Advances in the Pipeline for MASLD/MASH

In the final installment of the expert roundtable on MASLD/MASH, Drs Afdhal, Bansal, and Younossi discuss the most promising new candidate drugs in development for treatment, including some that may reverse fibrosis. 

 

Nezam Afdhal, MD, is Chief of Gastroenterology and Hepatology at Beth Israel Deaconess Medical Center and a professor of medicine at Harvard Medical School in Boston, Massachusetts. Meena Bansal, MD, is Chief of the division of Liver Diseases and Director of the MASH Center of Excellence at Mt Sinai Medical Center in New York, New York. Zobair Younossi, MD, is chairman and professor of the Liver and Obesity Research Program at INOVA Health in Fairfax, Virginia, and chairman of the Global NASH Council.

 

CLINICAL PRACTICE SUMMARY

MASH (MASLD) Pipeline Update: Lanifibranor and FGF21 Agonists Advancing to Phase 3

  • MASH/MASLD: Lanifibranor (pan-PPAR agonist); oral therapy; phase 2 completed → phase 3 pending: Lanifibranor is positioned for patients with lean MASLD/MASH, with a potential niche due to observed weight gain (primarily nonvisceral fat) alongside reduced visceral adiposity, which may affect patient acceptance.
  • MASH with advanced fibrosis: FGF21 agonists (e.g., efruxifermin, Akero); endogenous hormone analogs with extended half-life; phase 2b data: FGF21 class shows strong antifibrotic potential, including reported reversal of cirrhosis in phase 2b.

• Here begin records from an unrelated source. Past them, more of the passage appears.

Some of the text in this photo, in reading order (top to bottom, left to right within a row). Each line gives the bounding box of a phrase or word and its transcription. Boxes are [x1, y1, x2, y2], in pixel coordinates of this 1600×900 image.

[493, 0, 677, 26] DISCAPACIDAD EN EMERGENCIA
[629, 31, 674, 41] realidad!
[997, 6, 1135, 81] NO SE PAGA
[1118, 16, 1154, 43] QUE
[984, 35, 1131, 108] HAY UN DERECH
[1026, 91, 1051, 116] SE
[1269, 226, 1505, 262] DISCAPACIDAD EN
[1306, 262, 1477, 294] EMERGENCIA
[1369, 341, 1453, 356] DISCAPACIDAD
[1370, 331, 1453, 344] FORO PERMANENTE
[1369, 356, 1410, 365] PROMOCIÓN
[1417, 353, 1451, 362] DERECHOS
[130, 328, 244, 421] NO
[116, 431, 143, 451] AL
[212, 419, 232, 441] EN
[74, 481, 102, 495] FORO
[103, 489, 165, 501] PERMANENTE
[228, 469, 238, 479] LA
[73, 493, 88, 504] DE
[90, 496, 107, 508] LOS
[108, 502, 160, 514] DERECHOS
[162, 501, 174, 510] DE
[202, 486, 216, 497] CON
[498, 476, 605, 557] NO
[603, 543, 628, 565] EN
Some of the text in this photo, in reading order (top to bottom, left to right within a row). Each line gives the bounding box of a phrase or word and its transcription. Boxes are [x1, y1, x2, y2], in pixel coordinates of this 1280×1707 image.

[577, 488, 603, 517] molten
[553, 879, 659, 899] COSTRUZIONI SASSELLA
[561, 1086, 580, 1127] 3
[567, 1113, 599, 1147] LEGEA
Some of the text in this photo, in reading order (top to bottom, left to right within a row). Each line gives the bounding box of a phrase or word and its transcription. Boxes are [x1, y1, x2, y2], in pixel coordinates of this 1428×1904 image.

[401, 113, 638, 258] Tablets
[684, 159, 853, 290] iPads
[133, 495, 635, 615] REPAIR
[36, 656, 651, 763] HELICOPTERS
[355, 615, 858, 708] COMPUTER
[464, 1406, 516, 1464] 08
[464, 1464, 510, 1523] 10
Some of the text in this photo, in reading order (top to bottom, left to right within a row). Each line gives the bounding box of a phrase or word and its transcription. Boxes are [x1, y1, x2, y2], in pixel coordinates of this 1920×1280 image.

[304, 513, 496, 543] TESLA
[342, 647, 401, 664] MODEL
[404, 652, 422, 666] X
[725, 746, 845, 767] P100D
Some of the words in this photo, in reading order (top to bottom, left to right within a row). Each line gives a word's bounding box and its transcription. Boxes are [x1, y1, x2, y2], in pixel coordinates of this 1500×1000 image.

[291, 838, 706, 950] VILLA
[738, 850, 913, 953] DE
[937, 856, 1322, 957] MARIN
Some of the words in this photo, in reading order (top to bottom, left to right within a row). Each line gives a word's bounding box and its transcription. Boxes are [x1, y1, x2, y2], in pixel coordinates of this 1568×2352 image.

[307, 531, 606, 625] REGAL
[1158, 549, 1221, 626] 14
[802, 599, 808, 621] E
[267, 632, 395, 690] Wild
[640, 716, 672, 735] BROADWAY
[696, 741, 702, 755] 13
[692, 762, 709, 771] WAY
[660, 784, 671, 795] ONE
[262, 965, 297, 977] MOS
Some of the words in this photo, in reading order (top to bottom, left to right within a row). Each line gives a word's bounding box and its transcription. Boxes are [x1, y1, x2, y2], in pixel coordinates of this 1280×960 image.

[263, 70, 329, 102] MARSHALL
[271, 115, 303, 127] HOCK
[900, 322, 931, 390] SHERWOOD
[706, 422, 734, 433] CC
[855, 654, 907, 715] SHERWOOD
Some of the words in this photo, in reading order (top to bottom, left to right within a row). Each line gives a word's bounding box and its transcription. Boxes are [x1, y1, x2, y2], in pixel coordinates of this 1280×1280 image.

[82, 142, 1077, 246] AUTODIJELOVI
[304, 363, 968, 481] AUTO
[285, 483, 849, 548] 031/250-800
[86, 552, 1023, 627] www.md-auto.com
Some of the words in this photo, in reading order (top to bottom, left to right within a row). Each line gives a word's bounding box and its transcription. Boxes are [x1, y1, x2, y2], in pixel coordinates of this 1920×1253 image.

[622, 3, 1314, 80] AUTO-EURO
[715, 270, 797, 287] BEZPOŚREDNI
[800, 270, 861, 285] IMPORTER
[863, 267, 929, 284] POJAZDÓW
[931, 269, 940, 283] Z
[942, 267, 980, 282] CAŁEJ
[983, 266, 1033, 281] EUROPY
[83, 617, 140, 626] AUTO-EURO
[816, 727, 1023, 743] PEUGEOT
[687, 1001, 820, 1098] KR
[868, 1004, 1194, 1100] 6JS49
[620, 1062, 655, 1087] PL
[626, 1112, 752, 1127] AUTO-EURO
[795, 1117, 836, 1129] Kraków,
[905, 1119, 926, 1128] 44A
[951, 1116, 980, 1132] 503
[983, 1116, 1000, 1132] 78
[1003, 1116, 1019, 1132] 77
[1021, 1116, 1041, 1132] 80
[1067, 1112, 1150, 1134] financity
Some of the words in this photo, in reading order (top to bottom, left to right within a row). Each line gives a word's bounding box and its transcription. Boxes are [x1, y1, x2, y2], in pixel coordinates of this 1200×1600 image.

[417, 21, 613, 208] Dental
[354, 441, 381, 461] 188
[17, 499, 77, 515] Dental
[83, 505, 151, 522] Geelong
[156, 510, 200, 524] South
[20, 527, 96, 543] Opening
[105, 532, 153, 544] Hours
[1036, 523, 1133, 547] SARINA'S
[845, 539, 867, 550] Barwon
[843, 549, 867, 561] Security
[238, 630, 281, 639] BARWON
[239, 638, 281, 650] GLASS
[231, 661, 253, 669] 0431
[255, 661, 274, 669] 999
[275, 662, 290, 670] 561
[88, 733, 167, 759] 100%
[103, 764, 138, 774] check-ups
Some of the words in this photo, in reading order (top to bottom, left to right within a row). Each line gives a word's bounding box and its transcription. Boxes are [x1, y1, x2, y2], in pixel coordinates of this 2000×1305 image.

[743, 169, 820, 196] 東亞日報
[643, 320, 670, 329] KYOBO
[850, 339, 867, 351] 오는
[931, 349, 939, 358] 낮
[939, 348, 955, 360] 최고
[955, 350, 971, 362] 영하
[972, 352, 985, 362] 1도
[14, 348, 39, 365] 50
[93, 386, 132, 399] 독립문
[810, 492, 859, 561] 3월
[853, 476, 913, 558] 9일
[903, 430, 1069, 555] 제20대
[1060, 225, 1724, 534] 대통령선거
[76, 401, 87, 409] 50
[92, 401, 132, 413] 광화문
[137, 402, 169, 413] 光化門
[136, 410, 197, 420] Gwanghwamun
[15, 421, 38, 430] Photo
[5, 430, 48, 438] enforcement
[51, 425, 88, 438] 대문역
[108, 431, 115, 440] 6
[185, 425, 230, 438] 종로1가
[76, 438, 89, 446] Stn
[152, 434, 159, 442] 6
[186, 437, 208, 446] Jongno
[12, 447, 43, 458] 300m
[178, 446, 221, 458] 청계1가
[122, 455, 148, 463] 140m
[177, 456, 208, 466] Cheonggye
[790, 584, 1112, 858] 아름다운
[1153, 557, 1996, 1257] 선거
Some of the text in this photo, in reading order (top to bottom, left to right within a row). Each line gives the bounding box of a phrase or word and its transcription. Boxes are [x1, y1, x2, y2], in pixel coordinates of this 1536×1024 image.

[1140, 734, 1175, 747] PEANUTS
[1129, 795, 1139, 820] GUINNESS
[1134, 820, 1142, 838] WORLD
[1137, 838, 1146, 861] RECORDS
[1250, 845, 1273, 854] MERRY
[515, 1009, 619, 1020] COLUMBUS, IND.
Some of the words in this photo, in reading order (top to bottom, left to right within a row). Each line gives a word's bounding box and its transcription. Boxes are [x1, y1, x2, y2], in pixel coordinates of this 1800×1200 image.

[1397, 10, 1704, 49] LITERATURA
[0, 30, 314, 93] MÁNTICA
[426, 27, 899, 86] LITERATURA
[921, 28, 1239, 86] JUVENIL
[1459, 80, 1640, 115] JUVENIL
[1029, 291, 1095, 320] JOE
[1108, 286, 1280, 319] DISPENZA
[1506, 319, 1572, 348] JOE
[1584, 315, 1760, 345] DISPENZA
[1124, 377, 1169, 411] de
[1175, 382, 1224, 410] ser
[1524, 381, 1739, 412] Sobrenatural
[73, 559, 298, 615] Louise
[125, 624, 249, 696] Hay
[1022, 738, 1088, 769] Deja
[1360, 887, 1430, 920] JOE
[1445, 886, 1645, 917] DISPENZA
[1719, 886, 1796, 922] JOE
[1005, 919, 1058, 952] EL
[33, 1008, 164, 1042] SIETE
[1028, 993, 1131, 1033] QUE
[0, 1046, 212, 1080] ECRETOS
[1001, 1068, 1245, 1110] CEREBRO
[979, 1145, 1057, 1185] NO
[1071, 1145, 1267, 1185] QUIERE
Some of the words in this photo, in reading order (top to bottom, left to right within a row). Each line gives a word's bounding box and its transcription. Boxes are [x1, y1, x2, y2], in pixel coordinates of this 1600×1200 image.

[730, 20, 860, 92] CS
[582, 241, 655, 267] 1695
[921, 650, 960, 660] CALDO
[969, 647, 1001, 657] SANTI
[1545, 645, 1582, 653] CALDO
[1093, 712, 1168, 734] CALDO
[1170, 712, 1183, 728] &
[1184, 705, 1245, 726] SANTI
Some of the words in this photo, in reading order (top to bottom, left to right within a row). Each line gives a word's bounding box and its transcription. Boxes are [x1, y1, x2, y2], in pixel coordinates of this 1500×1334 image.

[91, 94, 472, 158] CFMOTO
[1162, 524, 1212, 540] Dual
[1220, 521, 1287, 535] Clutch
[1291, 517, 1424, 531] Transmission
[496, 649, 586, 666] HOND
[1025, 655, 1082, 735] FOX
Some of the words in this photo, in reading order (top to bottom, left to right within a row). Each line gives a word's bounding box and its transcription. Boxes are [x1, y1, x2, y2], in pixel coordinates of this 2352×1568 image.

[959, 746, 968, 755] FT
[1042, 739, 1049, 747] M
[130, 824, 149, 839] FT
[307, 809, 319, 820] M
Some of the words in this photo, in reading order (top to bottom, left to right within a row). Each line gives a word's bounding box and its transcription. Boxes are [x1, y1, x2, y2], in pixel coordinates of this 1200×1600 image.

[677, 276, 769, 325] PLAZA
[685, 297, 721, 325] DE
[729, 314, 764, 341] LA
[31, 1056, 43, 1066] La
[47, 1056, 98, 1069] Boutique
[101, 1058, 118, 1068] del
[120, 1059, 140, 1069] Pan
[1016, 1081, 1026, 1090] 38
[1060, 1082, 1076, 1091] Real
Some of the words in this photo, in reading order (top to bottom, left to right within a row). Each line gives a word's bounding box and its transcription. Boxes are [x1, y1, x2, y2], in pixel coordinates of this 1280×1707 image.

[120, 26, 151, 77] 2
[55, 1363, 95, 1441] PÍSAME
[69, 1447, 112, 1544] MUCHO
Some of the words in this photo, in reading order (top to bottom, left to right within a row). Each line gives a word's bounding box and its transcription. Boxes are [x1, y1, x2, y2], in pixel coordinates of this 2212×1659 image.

These agents may be prioritized upfront in patients at high risk of progression to cirrhosis to reduce downstream complications such as hepatocellular carcinoma.
  • Care model (next 3–5 years): Combination and personalized therapy; chronic/lifelong treatment paradigm: Future management will likely involve induction with 2–3 agents followed by maintenance therapy, tailored to patient phenotype and disease activity.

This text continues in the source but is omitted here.